Inevitably and notwithstanding the activities of the hedge funds and sovereign
investment funds this must lead to a net deficit of supply over demand. The
problem will be further exacerbated by the near cessation of mineral
exploration particularly at the grass roots level which must severely limit the
flow of potential new projects to even maintain production levels as current
mines reach the end of their natural life. This will then only add to the
supply/demand shortfall.
The real question of course is over what time frame will these events unfold?
The minerals sector has always operated in cycles but the current trough
following the super-cycle of the early part of this century is deeper than
experienced by any currently working in the sector and there is little in the
way of guidance from the past to try to be certain of the way the cycle will
move in the future. Past cycles have often had a sharp increase once the bottom
was reached and hopefully that will again be the case this time round. But as a
word of caution it is by no means certain that we have yet seen the bottom, nor
is it clear how the new derivative players will affect the rate of recovery and
it is far from certain that capital will return to the sector to fund a rapid
regrowth after the pain that investors in the sector have suffered in the last
two or three years.
Nevertheless we must remain optimistic and we must continue to place ourselves
in the most favourable position to benefit from the upturn in whatever form and
whenever it does return. To this end we have significantly reduced our
operating costs particularly from a cash flow point of view at just £68,000 for
the half year being well under 50% of that for the comparable period last year.

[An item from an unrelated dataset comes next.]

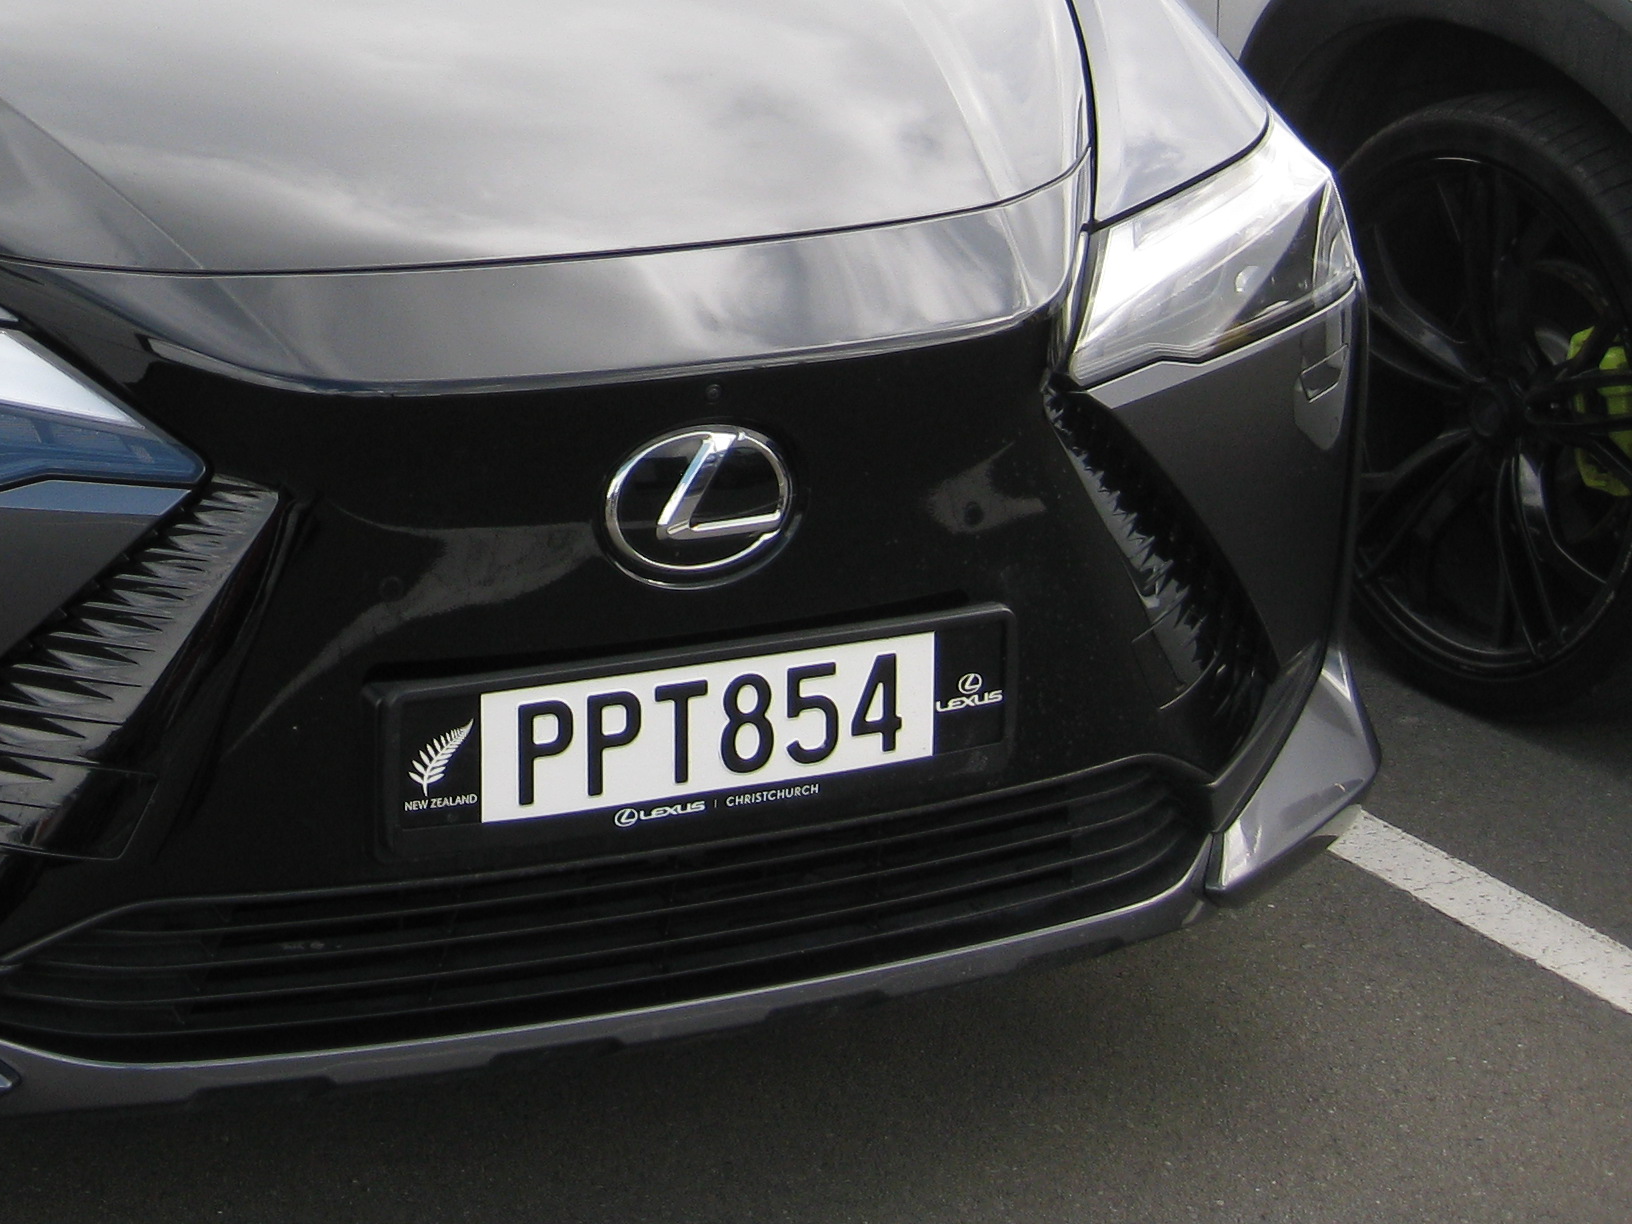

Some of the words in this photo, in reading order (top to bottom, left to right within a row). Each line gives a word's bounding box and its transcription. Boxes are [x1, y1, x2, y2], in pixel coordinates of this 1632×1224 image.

Despite this we have managed to keep all of our major assets in good standing
and ready for relatively speedy development at the appropriate time. In this
regard I must thank all of our directors for their continuing support in
waiving fees and salaries during this critical time.

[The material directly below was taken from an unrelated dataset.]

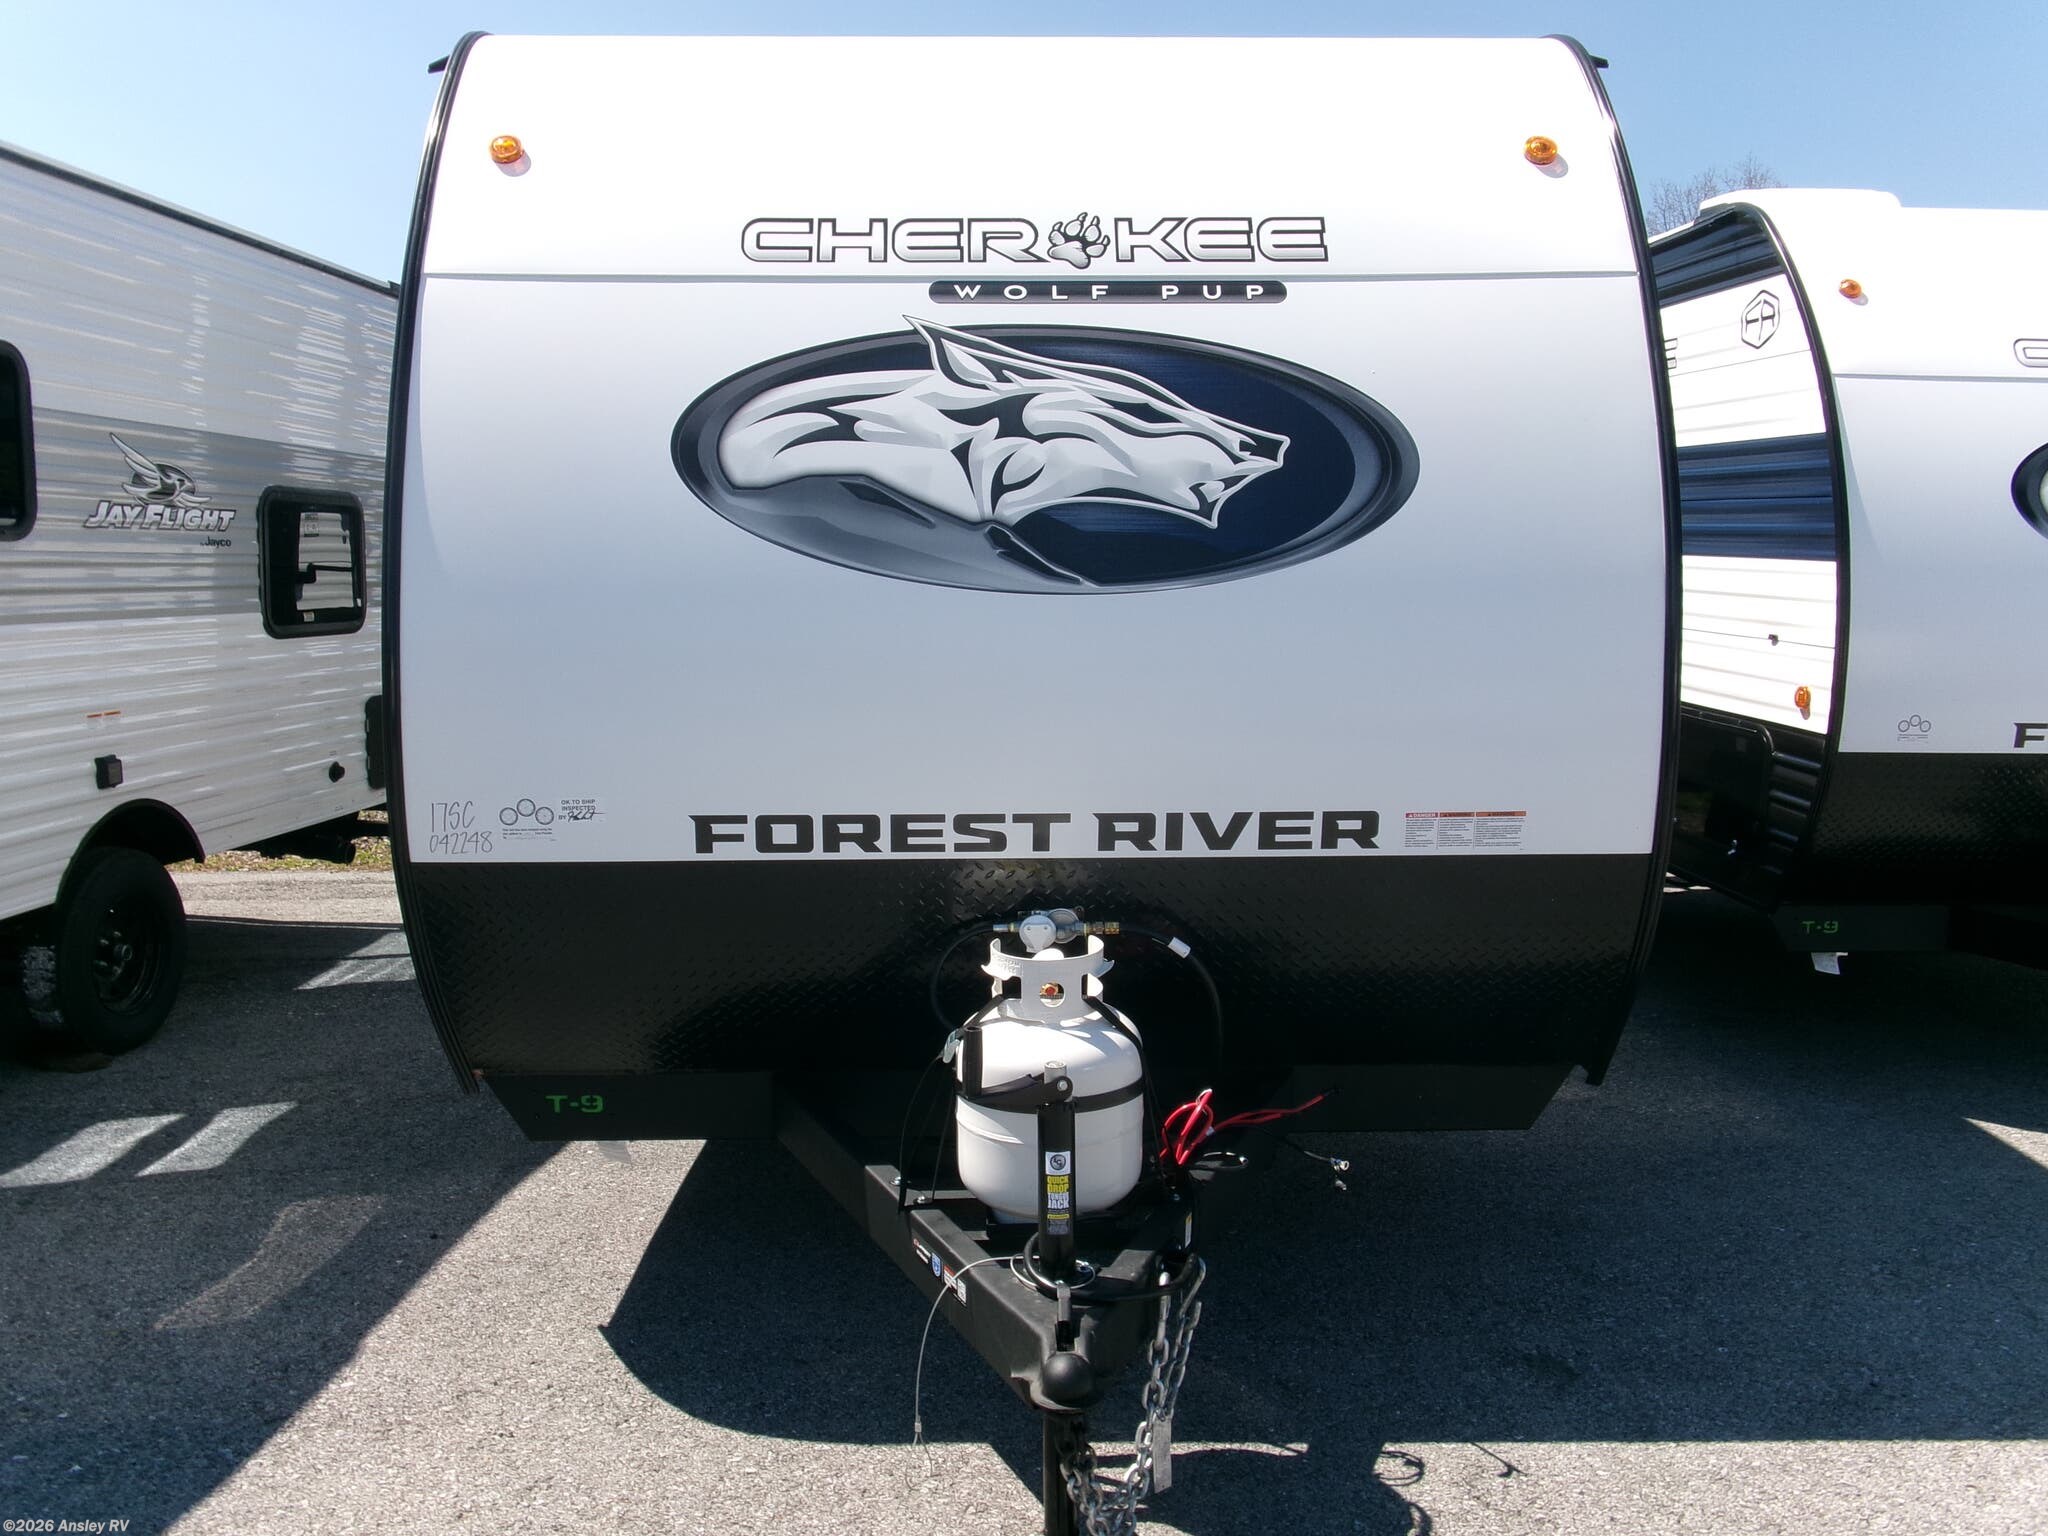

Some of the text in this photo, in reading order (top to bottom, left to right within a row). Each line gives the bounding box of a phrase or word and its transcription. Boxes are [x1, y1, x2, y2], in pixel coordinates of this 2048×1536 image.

As always we continue to look for new opportunities for your Company within the
resources sector, particularly in commodities with which we are familiar and
within political sectors in which we feel comfortable. Given the difficulties
being felt by many others within the sector who do not benefit from our low
operating cost scenario a number of such opportunities are beginning to present
themselves and we will review each of these as they come to our attention.
Operations
The levels of operations and direct expenditure at all of our projects have
remained very low throughout the period. No field work has been carried out at
Parys Mountain but as shareholders will be aware we do own the freehold to the
surface area covering virtually all our published resources and fortunately
under UK law, with the exception of some minor commitments to prior land owner
and to the Crown for precious metals licences, this gives us perpetual ongoing
rights to these resources with no resultant demands from departments of mines
or similar for minimum expenditures and lease relinquishments. We can therefore
maintain our Parys Mountain assets for a very low holding cost.

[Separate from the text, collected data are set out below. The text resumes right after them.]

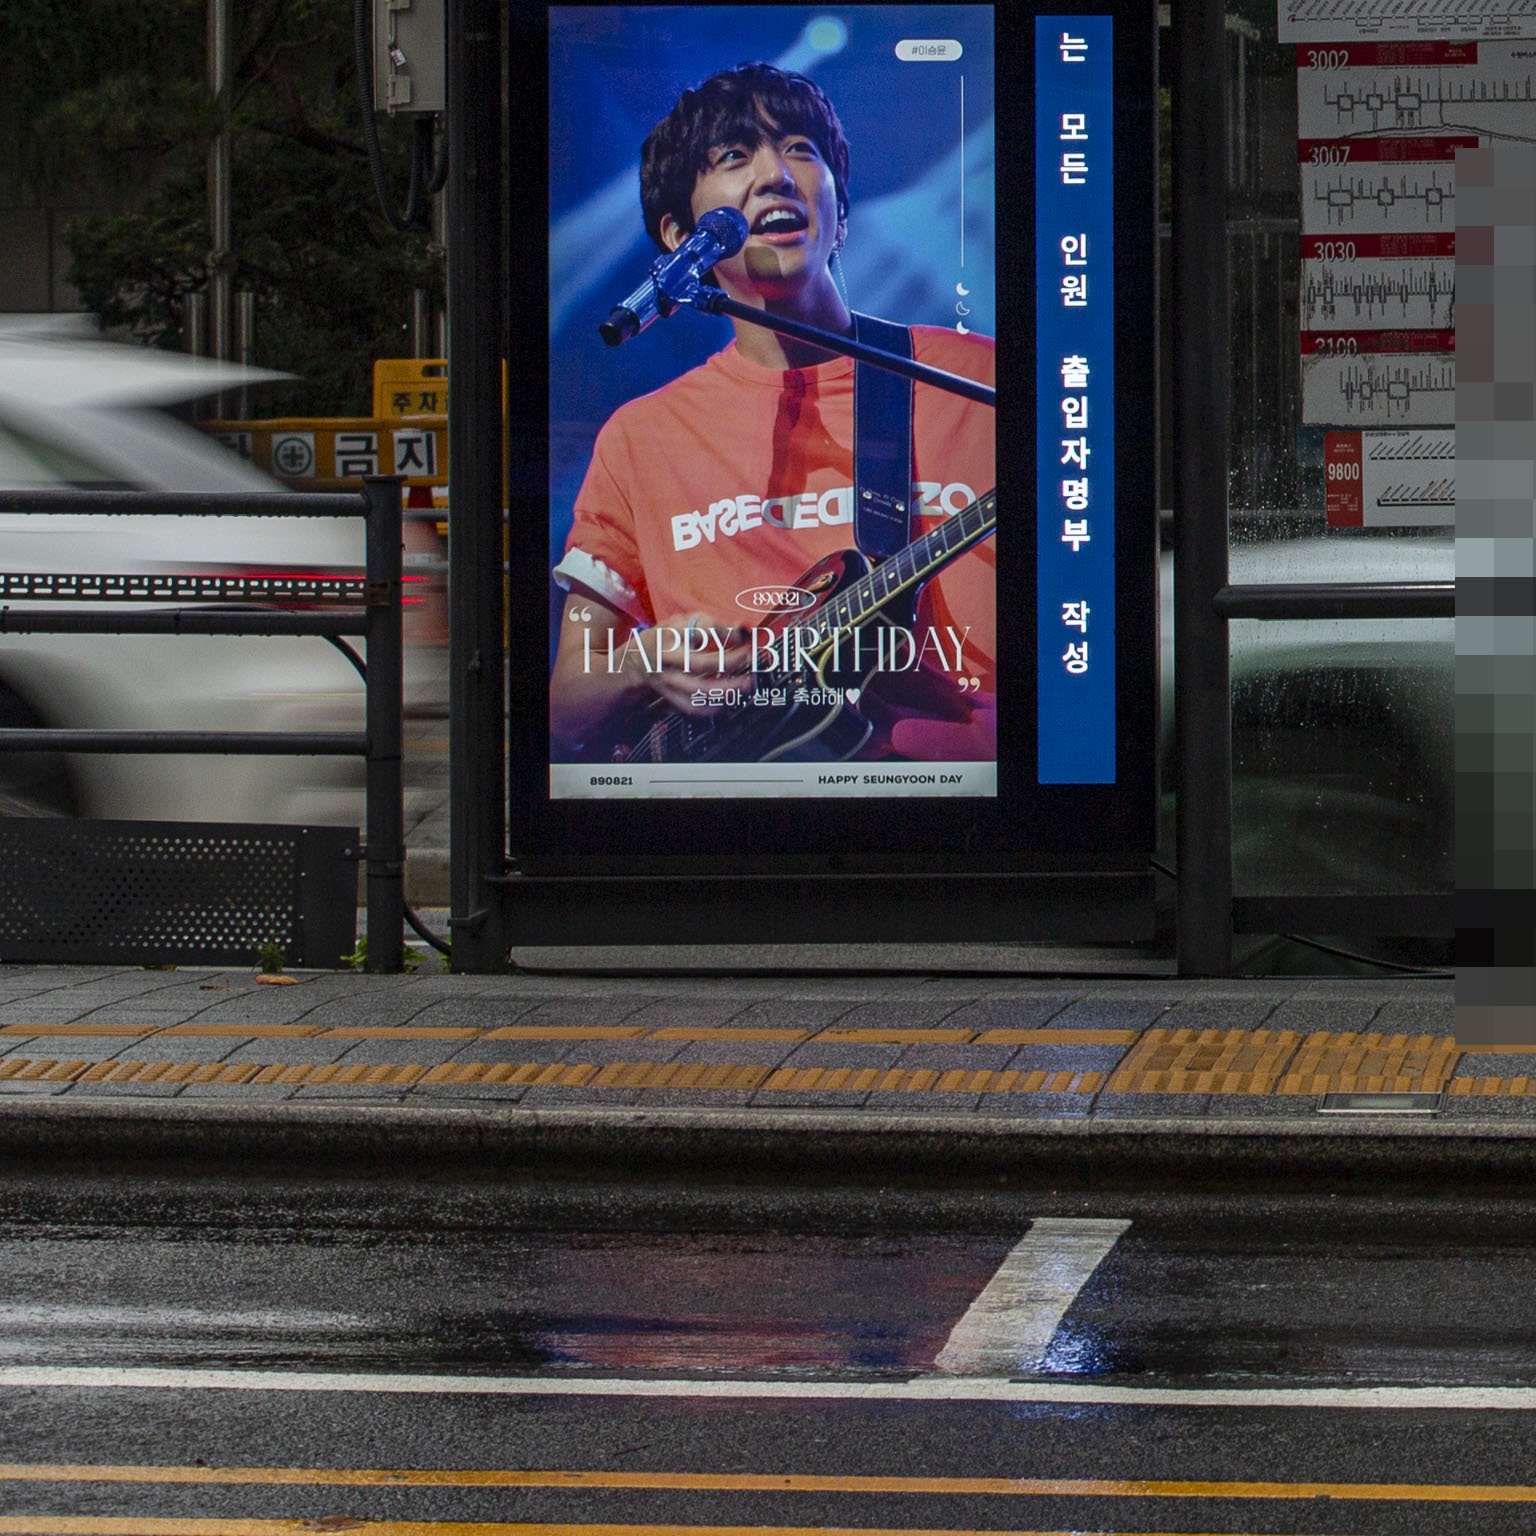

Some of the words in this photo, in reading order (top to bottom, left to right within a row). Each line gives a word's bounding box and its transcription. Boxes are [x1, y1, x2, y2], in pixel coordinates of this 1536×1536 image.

[1060, 32, 1089, 63] 는
[1307, 50, 1350, 72] 3002
[1060, 113, 1089, 185] 모든
[1308, 145, 1350, 167] 3007
[1313, 241, 1357, 263] 3030
[1060, 233, 1089, 308] 인원
[337, 434, 434, 476] 금지
[1060, 355, 1092, 551] 출입자명부
[1328, 462, 1360, 481] 9800
[752, 591, 800, 606] 890821
[1061, 601, 1091, 675] 작성
[690, 687, 748, 708] 승윤아,
[752, 687, 787, 707] 생일
[589, 776, 634, 786] 890821
[818, 775, 859, 785] HAPPY
[863, 774, 936, 785] SEUNGYOON
[939, 774, 964, 784] DAY

The situation in Sweden, whilst governed by leases from the state, still allows
us to keep these leases for a number of years without any immediate demand for
minimum work levels. Again no field work has taken place but a number of
off-site technical reviews have been conducted to best position Grangesberg for
the possible upturn in what may well become a favourable market in the future,
particularly for the type of iron ore product that the project is expected to
produce in its geographical location.
In Canada, Labrador Iron Mines is now operating under the Canadian Companies
Creditors Arrangement Act. LIM does have some ongoing expenditure but it has
embarked on a process of non-essential asset sales to allow it sufficient time
to seek suitable financial restructuring arrangements with the aim of
maintaining its principal assets to permit a return to production when markets
return to higher levels.
Results
Anglesey recorded a net loss for the period of £0.14 million (2014 loss £0.88
million. Administration costs at £0.07 million were further reduced from £0.15
million in the comparative period in 2014. The group had no revenue for the
period. At the period end cash resources stood at £7,000 and there was a
working capital deficiency of £88,000. This was reduced by a loan of £50,000
from Juno after the period end however additional working capital will need to
be raised in the immediate future.
Outlook
The outlook in the short to medium term remains somewhat unclear. However it is
certain at least in the longer term that the demand to supply balance will need
to be restored and commodity prices will need to return to a level at which
ongoing production at a reasonable profit is sustainable. It remains our view
that zinc should be one of the earliest commodities to benefit from this
movement. This is reinforced by the closure of both the Century Mine in
Australia and the Lisheen Mine in Ireland in recent months both of which were
major producers, and by the curtailment of production by a number of others
including the substantial reduction recently announced by Glencore. All these
production reductions should mean that the supply demand balance would already
be in deficit and the small overhang of metal stocks should be eradicated
within this calendar year. We do not see any major new mines coming on stream
in the medium term, and with China continuing to grow, albeit at a slower rate
than previously, demand should continue to increase. However the current lower
levels of mine production of concentrates is likely to lead to the closure of
at least one the major smelters somewhere in the world. The resultant shortfall
in metal production should then lead to an early rise in the price of the
metal. Given the short time to move Parys Mountain into production we would be
in a strong position to benefit from this movement.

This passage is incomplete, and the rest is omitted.